You lose that trust when your partner puts you down, betrays you in some way, tries to control you, or becomes disengaged from the relationship. Real intimacy is impossible without this trust, and emotional intimacy is what keeps marriages thriving.
You express emotional intimacy in a variety of ways.
- You have it when you can be vulnerable in front of your partner, and you accept your partner’s vulnerabilities.
- You have it when you share physical affection and non-sexual touching.
- You have it when you share meaningful experiences, laughter, and fun times together.
- You have it when you can talk with each other about your day, your opinions, your feelings — and know your partner is really listening.
Emotional intimacy is also expressed in sexual intimacy with eye contact, spoken words, and open communication about how to please one another.
Even when you disagree, you can practice this intimacy through humor, touching, and kindness.
Don’t argue in anger
This might be the most difficult change to adopt, but it will be the most life-changing. When you feel angry at your spouse, and you want to yell and scream and say something really hurtful or snarky, walk away instead.
When your anger grows to the point you can’t control it, have a rule with yourself you will step away from your partner until the anger dissipates. Words spoken in anger are poison to your close connection. They might feel good in the moment, but they often cause irreparable harm.
If a disagreement begins to escalate into a full scale fight, tell your spouse you’d like to wait to finish the conversation until cooler heads prevail. If you want to get your angry feelings out, write them down and then tear them up. Or go for a run or a long walk.
Walking away from angry interactions is part of putting the relationship as a priority over your ego.
Create opportunities for fun
Life can be so serious and demanding. This is particularly true when you have children at home. Your days are filled with work and child rearing, and in the evenings you’re exhausted and just want to veg out in front of the TV or on the computer.
Prioritize having fun and adventure together over some of the seemingly more important activities of your life. Your house and yard don’t have to be perfect. Your kids don’t have to be in dozens of extracurricular activities. You don’t have to volunteer for every school organization.
Put fun time with your spouse ahead of all of these things. Go on regular date nights.

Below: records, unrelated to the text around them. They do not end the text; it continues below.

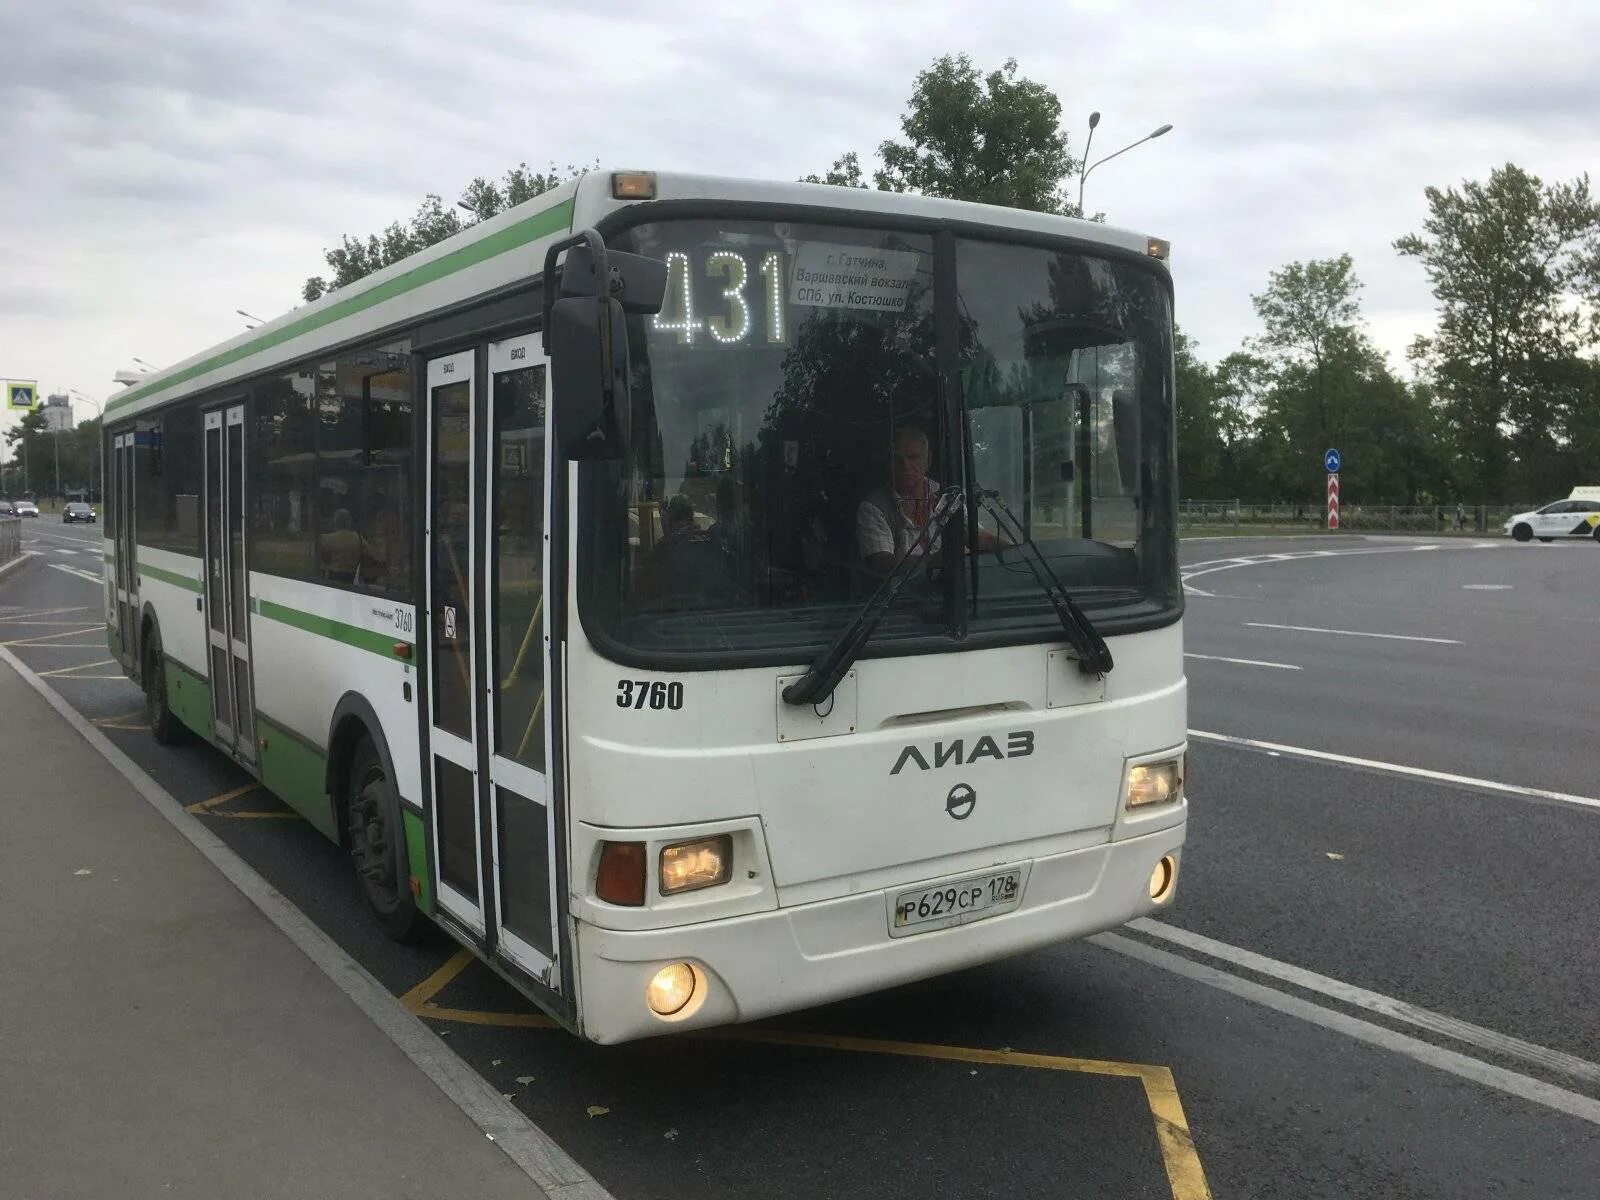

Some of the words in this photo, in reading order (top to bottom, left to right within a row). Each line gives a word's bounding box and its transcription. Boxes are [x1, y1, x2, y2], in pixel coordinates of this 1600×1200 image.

[797, 269, 868, 287] Варшавский
[871, 275, 909, 290] вокзал
[653, 251, 786, 344] 431
[798, 288, 824, 304] СПб,
[829, 292, 845, 305] ул.
[849, 291, 904, 307] Костюшко
[395, 608, 412, 632] 3760
[616, 680, 684, 710] 3760
[889, 730, 1035, 775] ЛИАЗ
[988, 876, 1014, 895] 178

Take weekend excursions. Put up a tent in your back yard, and watch the stars together. Try to reconnect to the feelings you had when you first fell in love, when the world was your oyster and life had a rosy glow to it.
Think about your partner as your boyfriend or girlfriend, and find ways to spend time together just as you did when you first met. Yes, your life is more complicated now. But that will make the fun times all the sweeter.
If your relationship is valuable to you, and you don’t want it to linger in malaise or fall apart completely, then take the initiative to overcome your problems as a couple. Ask your spouse or partner to read this article with you. Discuss together how you can put your intimate connection as the number one priority in your life.
Write down ways you can express more respect, kindness, emotional intimacy, and fun. Talk about strategies for a cooling off period when anger erupts. And decide whether or not you need the support of a counselor with any particular issue.
Take care of your relationship, and fall in love all over again.